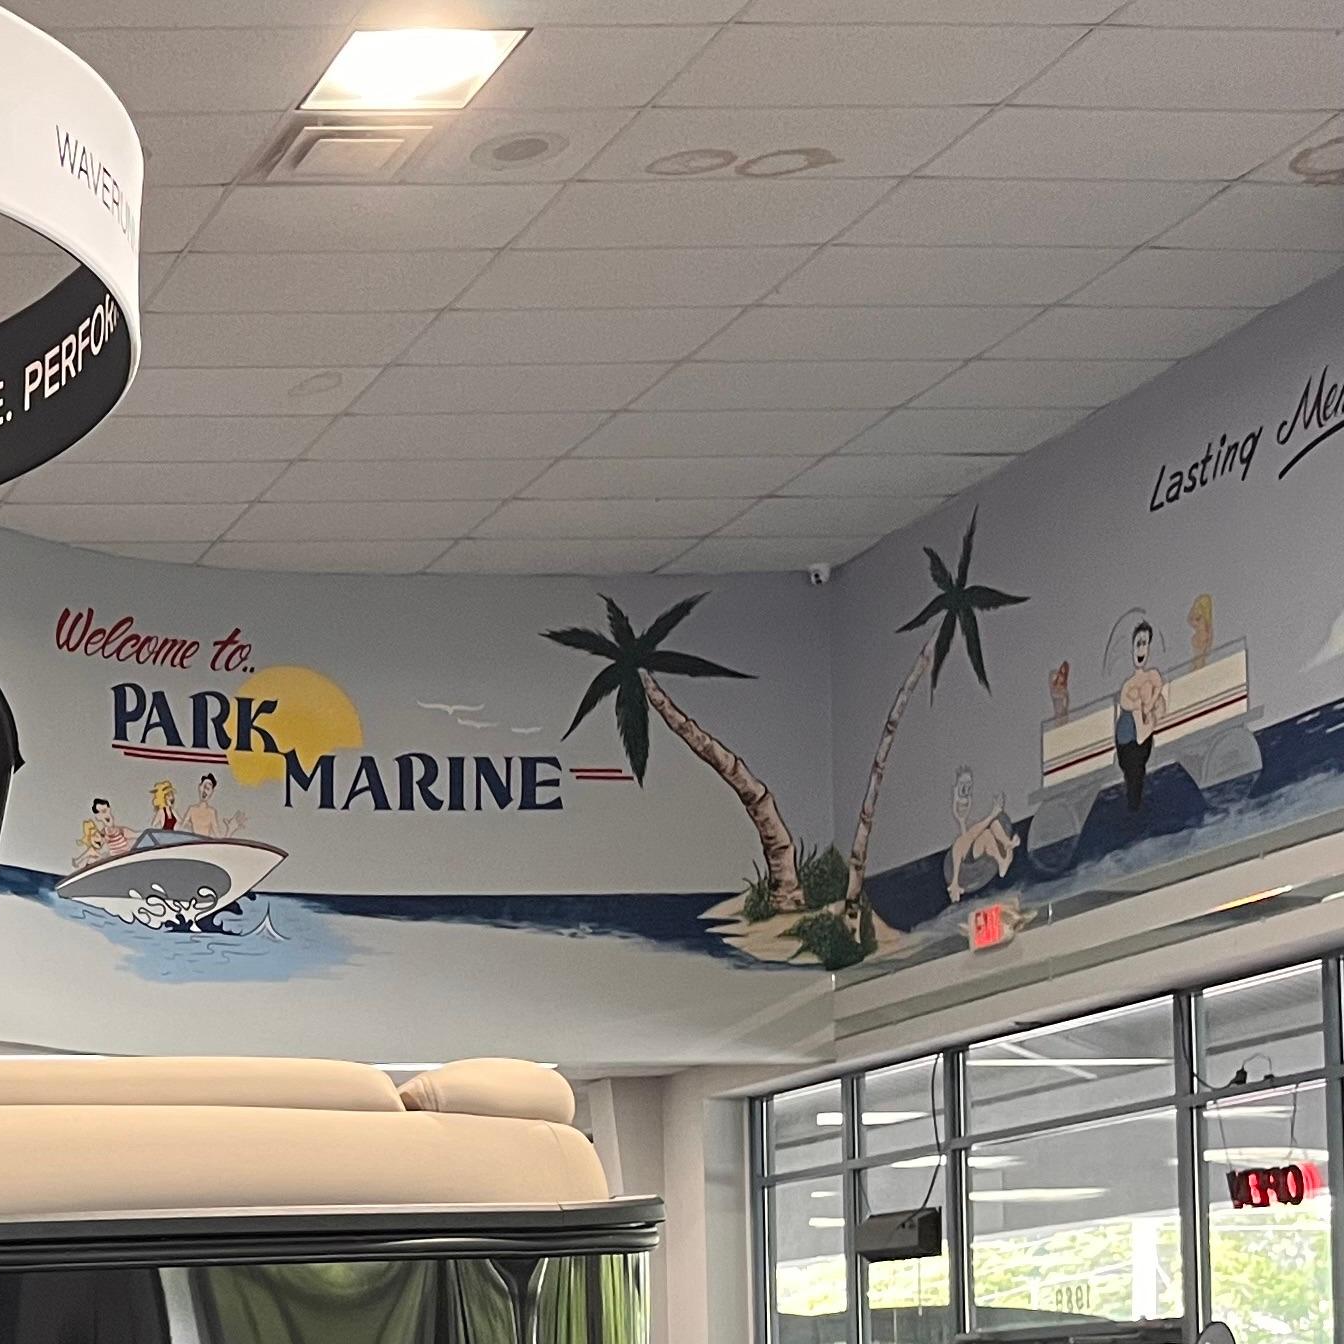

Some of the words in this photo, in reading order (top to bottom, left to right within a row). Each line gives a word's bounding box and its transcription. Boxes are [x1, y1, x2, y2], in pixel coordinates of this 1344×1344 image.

[1149, 424, 1264, 512] Lasting
[55, 607, 200, 669] Welcome
[111, 683, 286, 755] PARK
[282, 751, 564, 812] MARINE
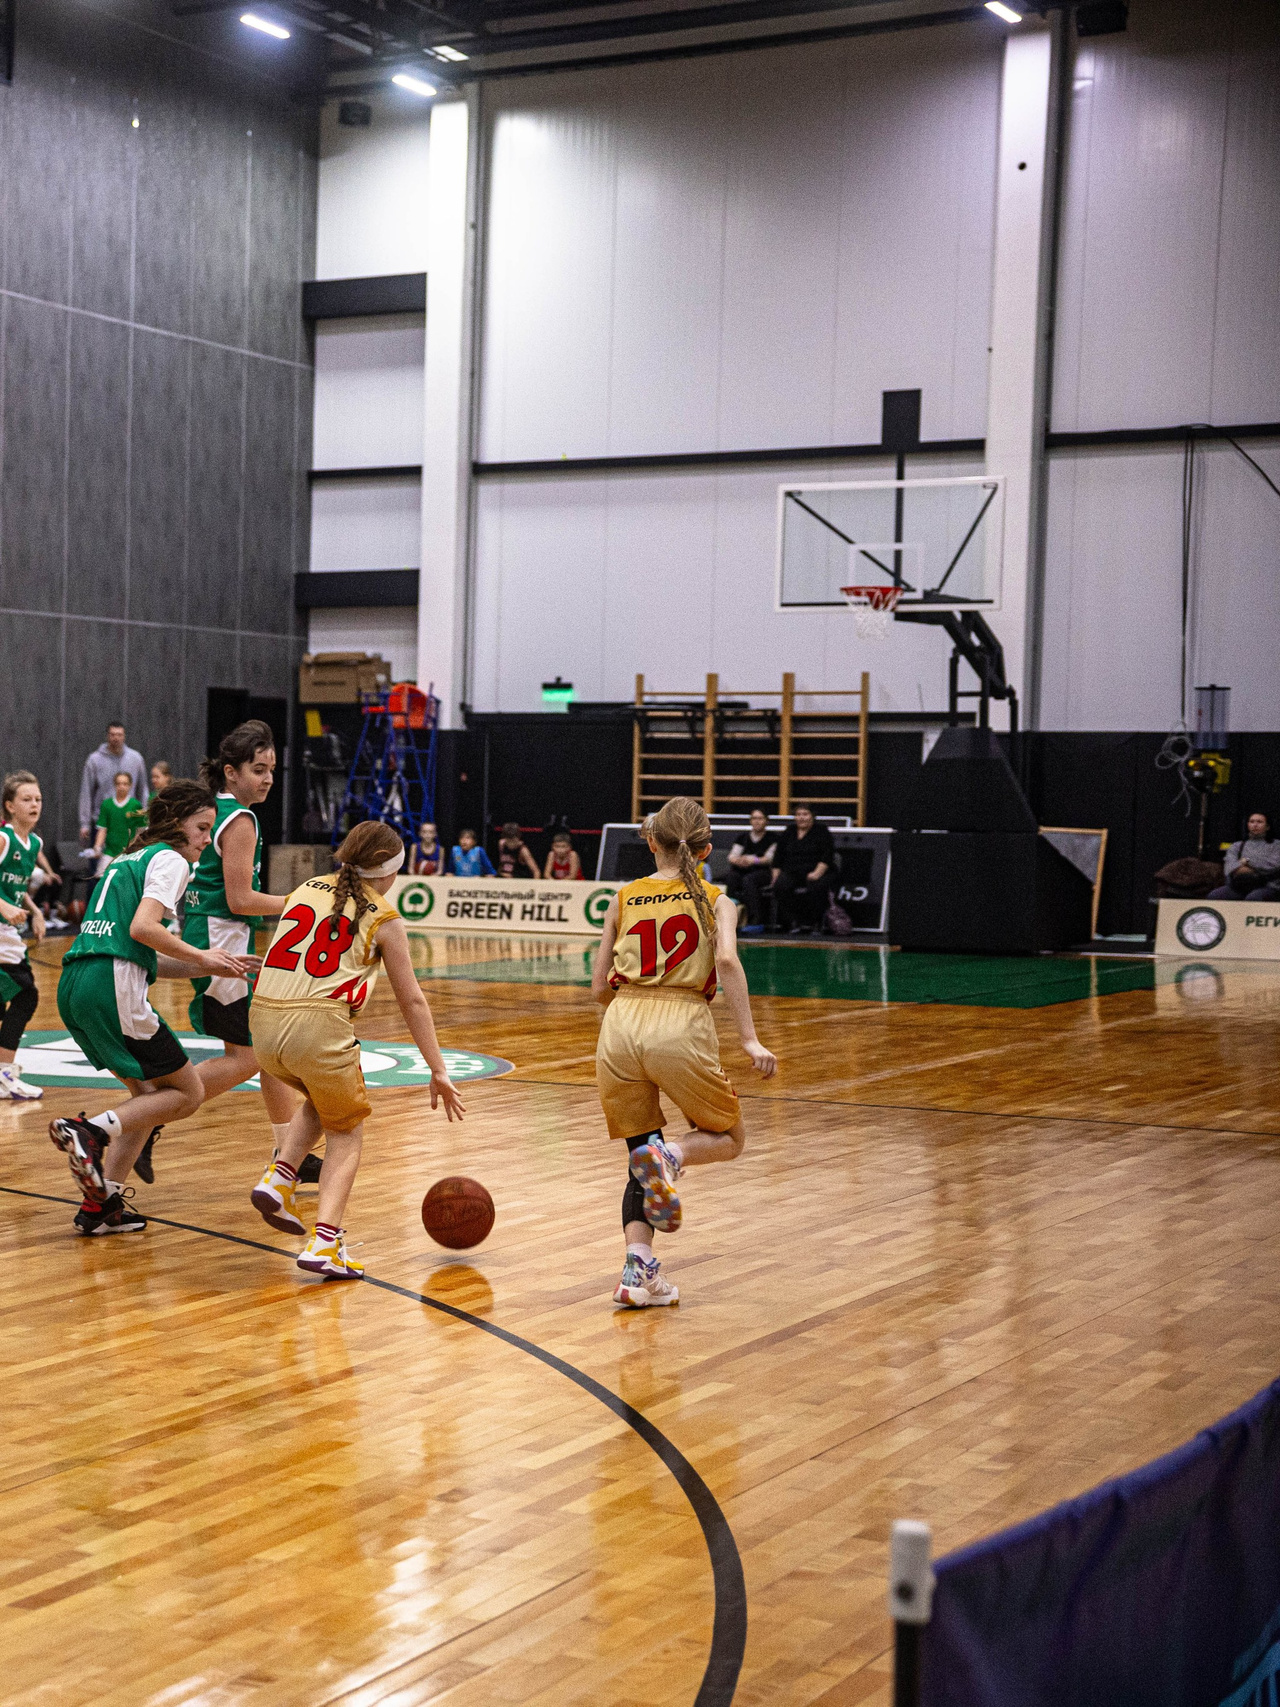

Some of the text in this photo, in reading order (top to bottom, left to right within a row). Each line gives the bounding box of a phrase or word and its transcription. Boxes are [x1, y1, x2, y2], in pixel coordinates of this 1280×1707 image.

[94, 868, 118, 914] 1
[305, 879, 379, 914] СЕРПВ
[447, 888, 572, 902] БАСКЕТБОЛЬНЫЙ ЦЕНТР
[80, 919, 116, 939] ИПЕЦК
[446, 901, 513, 921] GREEN
[520, 903, 570, 923] HILL
[264, 903, 355, 978] 28
[626, 913, 700, 978] 19

------------------------------

Task objective:
Please retype every record shown above, exactly as written, but without pictures.

Completed exercise:
Some of the words in this photo, in reading order (top to bottom, left to right within a row). Each line gives a word's bounding box and its transcription. Boxes are [x1, y1, x2, y2], in pixel coordinates of this 1344×1344 image.

[1149, 424, 1264, 512] Lasting
[55, 607, 200, 669] Welcome
[111, 683, 286, 755] PARK
[282, 751, 564, 812] MARINE

Some of the text in this photo, in reading order (top to bottom, left to right within a row). Each line gives the bounding box of a phrase or word and its transcription. Boxes are [x1, y1, x2, y2], in pixel coordinates of this 1280×1707 image.

[94, 868, 118, 914] 1
[305, 879, 379, 914] СЕРПВ
[447, 888, 572, 902] БАСКЕТБОЛЬНЫЙ ЦЕНТР
[80, 919, 116, 939] ИПЕЦК
[446, 901, 513, 921] GREEN
[520, 903, 570, 923] HILL
[264, 903, 355, 978] 28
[626, 913, 700, 978] 19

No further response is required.